Every validation begins with identifying a list of PURLs to validate. The PURL Validation page provides three methods of identifying a list of PURLs to validate and each method has a corresponding input form:
The input from the forms for methods 1 and 2 is sent to the Perl script select.pl.cgi for processing. select.pl.cgi finds the list of PURLs that match the form input and presents that list to the user for further editing in a subsequent form. select.pl.cgi is also used to accomplish method 3 by outputting an empty list into which the user can enter the PURLs directly.
Each attempted PURL validation results in the creation of a "validation record". Validation records contain the following fields.

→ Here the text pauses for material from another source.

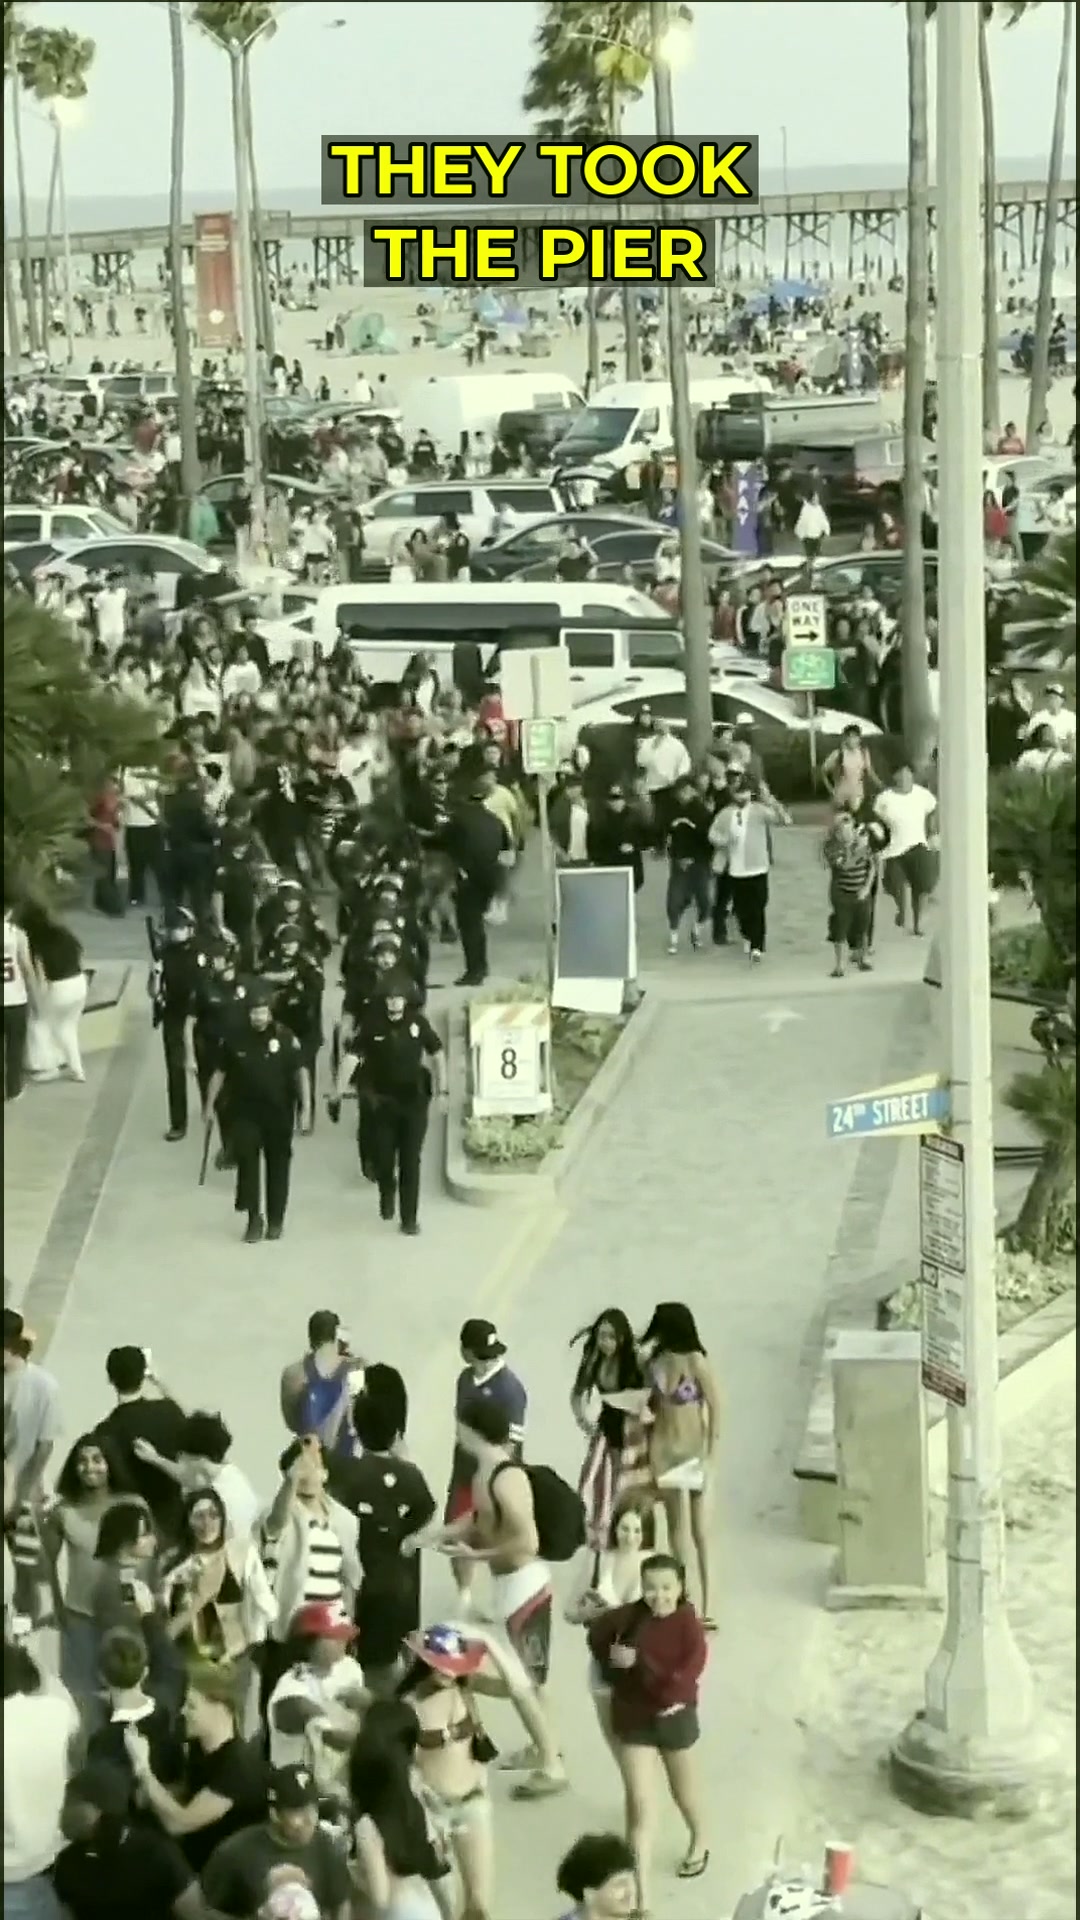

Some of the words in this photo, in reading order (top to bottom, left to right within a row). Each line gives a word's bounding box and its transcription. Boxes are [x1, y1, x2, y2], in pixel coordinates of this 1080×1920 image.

[791, 601, 820, 613] ONE
[792, 614, 821, 626] WAY
[501, 1047, 518, 1081] 8
[872, 1092, 929, 1126] STREET

| PURL: | The PURL that was validated. |
| TIME: | The time validation occurred. |
| HOPS: | The number of redirections encountered during validation. If the PURL has an associated URL that does not have a subsequent redirect, this value will be one. Otherwise, the total number of redirects encountered will be listed. If this value is zero, the PURL resolver served the document directly without returning a redirect to the validation processes. |
| STATUS: | The HTTP status returned for the final non-redirect response received from the HTTP server responsible for the URL-identified item. Some problems can occur during validation that do not have standard HTTP response numbers. Note that 200 is the standard successful HTTP response. However, it is up to you to decide which codes are "valid" and which codes require some further action. See status-codes.html for an explanation of these codes. |
| URL: | The ultimate URL checked. If the validation process encountered redirects, this field will contain the last URL checked. Note that in the case of redirects, this field will not be the same as the URL directly associated with the PURL in the PURL system. |
While the PURL validation records could naturally be placed in a relational database management system (RDBMS), we did not want to include an RDBMS in the PURL release. Therefore, we have made the information available in a format that others can easily load into their own RDBMS, manipulate, and generate their own reports, etc.
Since we have decided to not ship an RDBMS to maintain the validation information, the validation records are simply dumped in a flat file format log with the fields delimited by whitespace. This information can easily be loaded into your own RDBMS (or whatever) for more extensive processing. As an example, the PURL Resolver at OCLC uses PostgreSQL and the RDBMS scripts distributed in the general release (but not hooked up by default) to do its validation. This way, we can provide scripts that work both against the flat file version (the default) and give real, working code as examples of how to process the validation information out of a relational database.
As with validation, the first step to reporting validation information is to identify a list of PURLs for which validation information is required. Identifying a list of PURLs for viewing results uses forms nearly identical to those listed above in Section II. [Just replace "check" with "view" in the filename (e.g., search_view.html instead of search_check.html). The main difference being that titles, button texts, and hints have been slightly modified to reflect that the correspondingly created list of PURLs will not be validated, but used to look up validation results. The processing of the forms is still done using select.pl.cgi.]
Once a list of PURLs of interest has been identified, the validation records are used to generate reports which are then sent to the appropriate individuals, or presented immediately online.